Type A and B share many symptoms.
One of the earliest symptoms of type B influenza is a fever. The National Institute of Health reports that the fever can come on quickly and go as high as 106 degrees. However, according to the Penn State College of Medicine, while A and B influenza share the same symptoms, type B generally produces much milder symptoms, so the fever will not be as acute. Also, the National Institutes of Health (NIH) reports that adults usually have a lower fever temperature than children do. The fever is often accompanied by body aches and fatigue.
Penn State Medical Center also reports that as the fever begins to leave, respiratory symptoms begin to develop. These symptoms are a stuffy or runny nose, cough and sore throat. These symptoms can become worse over time, and even turn into bronchitis or pneumonia if not treated. While these symptoms will usually disappear within a week, the cough can remain for several weeks.

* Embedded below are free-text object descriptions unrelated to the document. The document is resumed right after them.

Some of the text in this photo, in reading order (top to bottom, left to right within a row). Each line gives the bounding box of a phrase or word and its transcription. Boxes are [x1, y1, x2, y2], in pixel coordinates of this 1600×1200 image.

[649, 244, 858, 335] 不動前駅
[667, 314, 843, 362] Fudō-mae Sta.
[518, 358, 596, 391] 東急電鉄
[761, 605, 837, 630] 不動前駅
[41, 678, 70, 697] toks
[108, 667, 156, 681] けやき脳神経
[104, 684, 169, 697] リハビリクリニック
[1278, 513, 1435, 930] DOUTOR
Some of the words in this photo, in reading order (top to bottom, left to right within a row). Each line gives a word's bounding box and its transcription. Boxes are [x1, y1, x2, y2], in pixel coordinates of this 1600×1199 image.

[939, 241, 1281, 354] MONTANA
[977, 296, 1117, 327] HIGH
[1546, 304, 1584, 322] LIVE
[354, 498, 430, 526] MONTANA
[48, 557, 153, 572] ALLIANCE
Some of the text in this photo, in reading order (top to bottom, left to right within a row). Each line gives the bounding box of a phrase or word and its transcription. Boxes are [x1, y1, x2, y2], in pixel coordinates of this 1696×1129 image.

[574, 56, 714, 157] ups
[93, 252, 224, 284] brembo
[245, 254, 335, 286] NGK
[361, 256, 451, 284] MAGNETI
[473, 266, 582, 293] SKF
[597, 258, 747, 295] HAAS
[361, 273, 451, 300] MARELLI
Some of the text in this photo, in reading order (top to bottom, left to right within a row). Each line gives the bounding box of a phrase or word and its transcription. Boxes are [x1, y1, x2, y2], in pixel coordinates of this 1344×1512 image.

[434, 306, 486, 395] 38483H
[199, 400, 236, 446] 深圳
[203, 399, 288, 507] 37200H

There are times when type B influenza can affect the stomach also, which is why some people refer to it as the "stomach flu." The stomach flu is not a different type of flu virus; it is simply symptoms of the flu that affect the stomach. Some of these symptoms, as listed by the NIH, include vomiting, nausea and loss of appetite.
Influenza B symptoms, while the same as influenza A symptoms, are not quite as severe in their intensity. When you get a flu shot, it is meant to protect you from both influenza A and B strains.